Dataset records

== Segment start ==

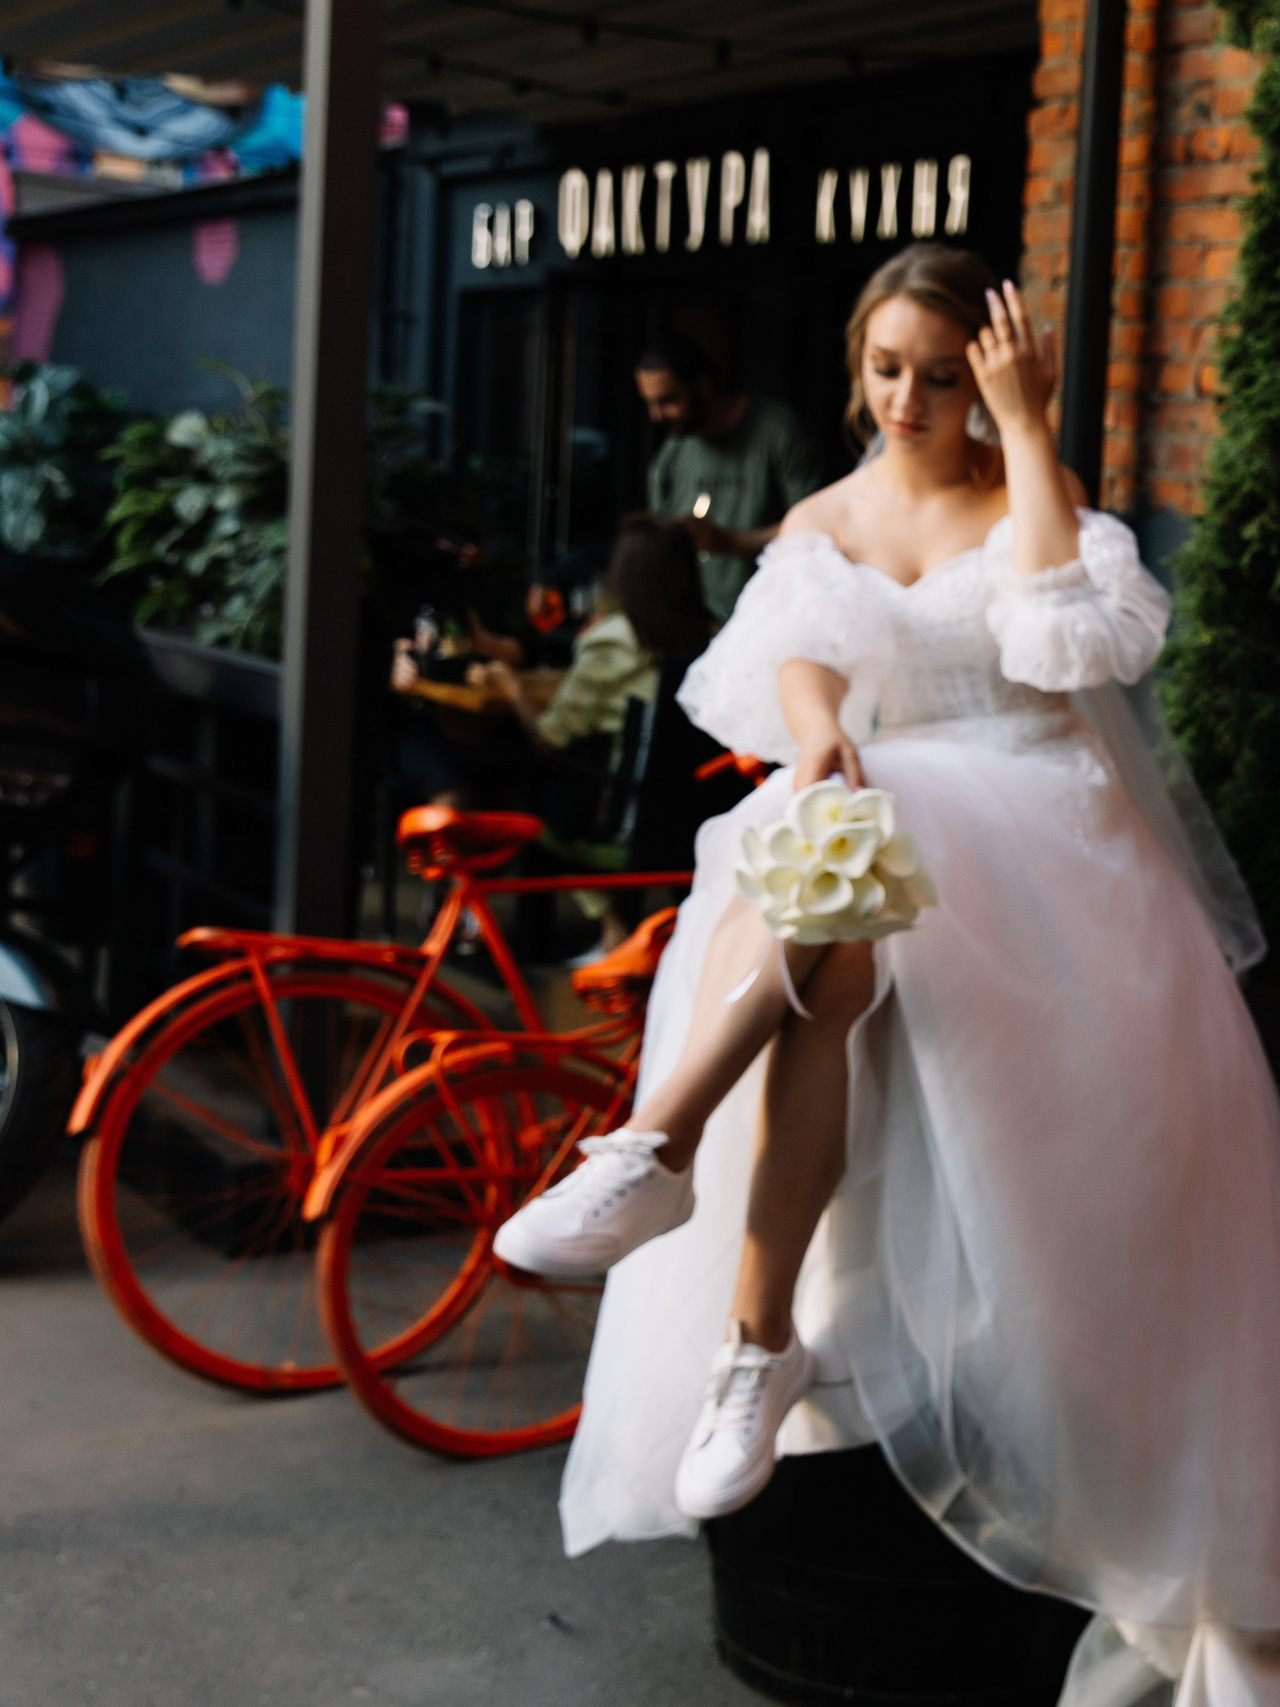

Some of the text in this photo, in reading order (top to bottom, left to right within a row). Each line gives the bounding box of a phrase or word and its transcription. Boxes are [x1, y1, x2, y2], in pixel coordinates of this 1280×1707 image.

[471, 146, 972, 268] БАР ФАКТУРА КУХНЯ
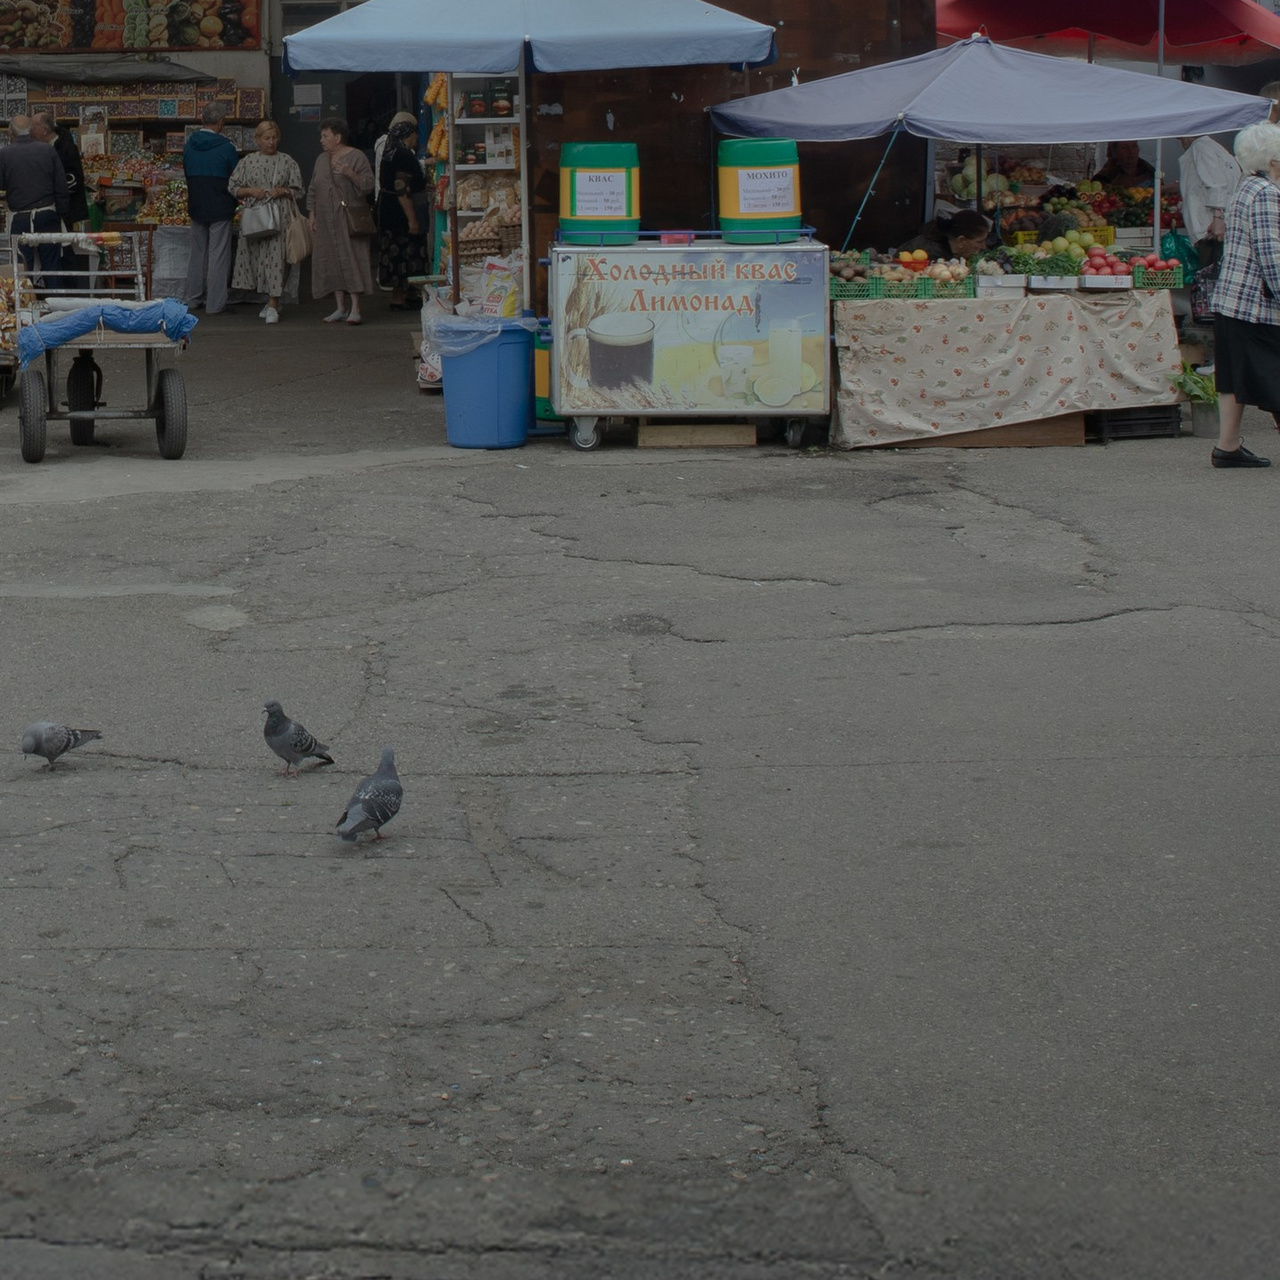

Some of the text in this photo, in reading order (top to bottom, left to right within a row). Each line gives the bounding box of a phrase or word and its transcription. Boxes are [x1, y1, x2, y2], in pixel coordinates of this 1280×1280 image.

[588, 175, 614, 183] КВАС
[747, 171, 788, 180] МОХИТО
[586, 258, 798, 285] Холодный квас
[629, 288, 756, 316] Лимонад

== Segment end ==

**GOAL OF THE EXERCISE**
Would you return the records exactly as written, minus any image?

**TASK SOLUTION**
Some of the text in this photo, in reading order (top to bottom, left to right within a row). Each line gives the bounding box of a phrase or word and its transcription. Boxes are [x1, y1, x2, y2], in pixel coordinates of this 1280×1707 image.

[471, 146, 972, 268] БАР ФАКТУРА КУХНЯ

Some of the text in this photo, in reading order (top to bottom, left to right within a row). Each line gives the bounding box of a phrase or word and its transcription. Boxes are [x1, y1, x2, y2], in pixel coordinates of this 1280×1280 image.

[588, 175, 614, 183] КВАС
[747, 171, 788, 180] МОХИТО
[586, 258, 798, 285] Холодный квас
[629, 288, 756, 316] Лимонад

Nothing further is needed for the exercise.